Text-to-region grounding data
=====
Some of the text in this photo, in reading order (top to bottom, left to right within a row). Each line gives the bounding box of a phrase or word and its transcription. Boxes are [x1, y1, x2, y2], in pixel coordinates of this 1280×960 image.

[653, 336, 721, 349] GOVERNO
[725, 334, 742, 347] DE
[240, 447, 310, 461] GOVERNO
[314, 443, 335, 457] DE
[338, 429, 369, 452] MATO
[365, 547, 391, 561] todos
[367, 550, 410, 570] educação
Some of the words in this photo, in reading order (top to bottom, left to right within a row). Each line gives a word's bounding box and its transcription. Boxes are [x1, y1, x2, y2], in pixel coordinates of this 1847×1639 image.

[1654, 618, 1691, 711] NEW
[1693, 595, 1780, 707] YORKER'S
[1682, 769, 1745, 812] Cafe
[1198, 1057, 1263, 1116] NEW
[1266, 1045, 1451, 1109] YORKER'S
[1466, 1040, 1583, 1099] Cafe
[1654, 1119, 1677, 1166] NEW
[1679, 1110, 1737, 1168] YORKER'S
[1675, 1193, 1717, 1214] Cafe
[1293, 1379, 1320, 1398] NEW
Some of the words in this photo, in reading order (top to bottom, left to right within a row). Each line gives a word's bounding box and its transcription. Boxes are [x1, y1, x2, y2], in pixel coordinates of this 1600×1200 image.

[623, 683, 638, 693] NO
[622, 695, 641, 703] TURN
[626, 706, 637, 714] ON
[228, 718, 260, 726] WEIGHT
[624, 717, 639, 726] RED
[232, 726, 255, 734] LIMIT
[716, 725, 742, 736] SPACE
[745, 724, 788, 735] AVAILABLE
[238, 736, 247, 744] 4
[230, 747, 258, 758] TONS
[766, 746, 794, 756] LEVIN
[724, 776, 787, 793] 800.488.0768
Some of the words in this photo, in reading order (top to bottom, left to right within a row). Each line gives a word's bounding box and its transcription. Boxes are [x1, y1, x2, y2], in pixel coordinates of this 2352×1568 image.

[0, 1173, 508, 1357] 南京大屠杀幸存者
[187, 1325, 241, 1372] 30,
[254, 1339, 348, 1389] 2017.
=====
Work task >> In the lines above, every record is to be repeated exactly.

Answer to the exercise >>
Some of the text in this photo, in reading order (top to bottom, left to right within a row). Each line gives the bounding box of a phrase or word and its transcription. Boxes are [x1, y1, x2, y2], in pixel coordinates of this 1280×960 image.

[653, 336, 721, 349] GOVERNO
[725, 334, 742, 347] DE
[240, 447, 310, 461] GOVERNO
[314, 443, 335, 457] DE
[338, 429, 369, 452] MATO
[365, 547, 391, 561] todos
[367, 550, 410, 570] educação
Some of the words in this photo, in reading order (top to bottom, left to right within a row). Each line gives a word's bounding box and its transcription. Boxes are [x1, y1, x2, y2], in pixel coordinates of this 1847×1639 image.

[1654, 618, 1691, 711] NEW
[1693, 595, 1780, 707] YORKER'S
[1682, 769, 1745, 812] Cafe
[1198, 1057, 1263, 1116] NEW
[1266, 1045, 1451, 1109] YORKER'S
[1466, 1040, 1583, 1099] Cafe
[1654, 1119, 1677, 1166] NEW
[1679, 1110, 1737, 1168] YORKER'S
[1675, 1193, 1717, 1214] Cafe
[1293, 1379, 1320, 1398] NEW
Some of the words in this photo, in reading order (top to bottom, left to right within a row). Each line gives a word's bounding box and its transcription. Boxes are [x1, y1, x2, y2], in pixel coordinates of this 1600×1200 image.

[623, 683, 638, 693] NO
[622, 695, 641, 703] TURN
[626, 706, 637, 714] ON
[228, 718, 260, 726] WEIGHT
[624, 717, 639, 726] RED
[232, 726, 255, 734] LIMIT
[716, 725, 742, 736] SPACE
[745, 724, 788, 735] AVAILABLE
[238, 736, 247, 744] 4
[230, 747, 258, 758] TONS
[766, 746, 794, 756] LEVIN
[724, 776, 787, 793] 800.488.0768
Some of the words in this photo, in reading order (top to bottom, left to right within a row). Each line gives a word's bounding box and its transcription. Boxes are [x1, y1, x2, y2], in pixel coordinates of this 2352×1568 image.

[0, 1173, 508, 1357] 南京大屠杀幸存者
[187, 1325, 241, 1372] 30,
[254, 1339, 348, 1389] 2017.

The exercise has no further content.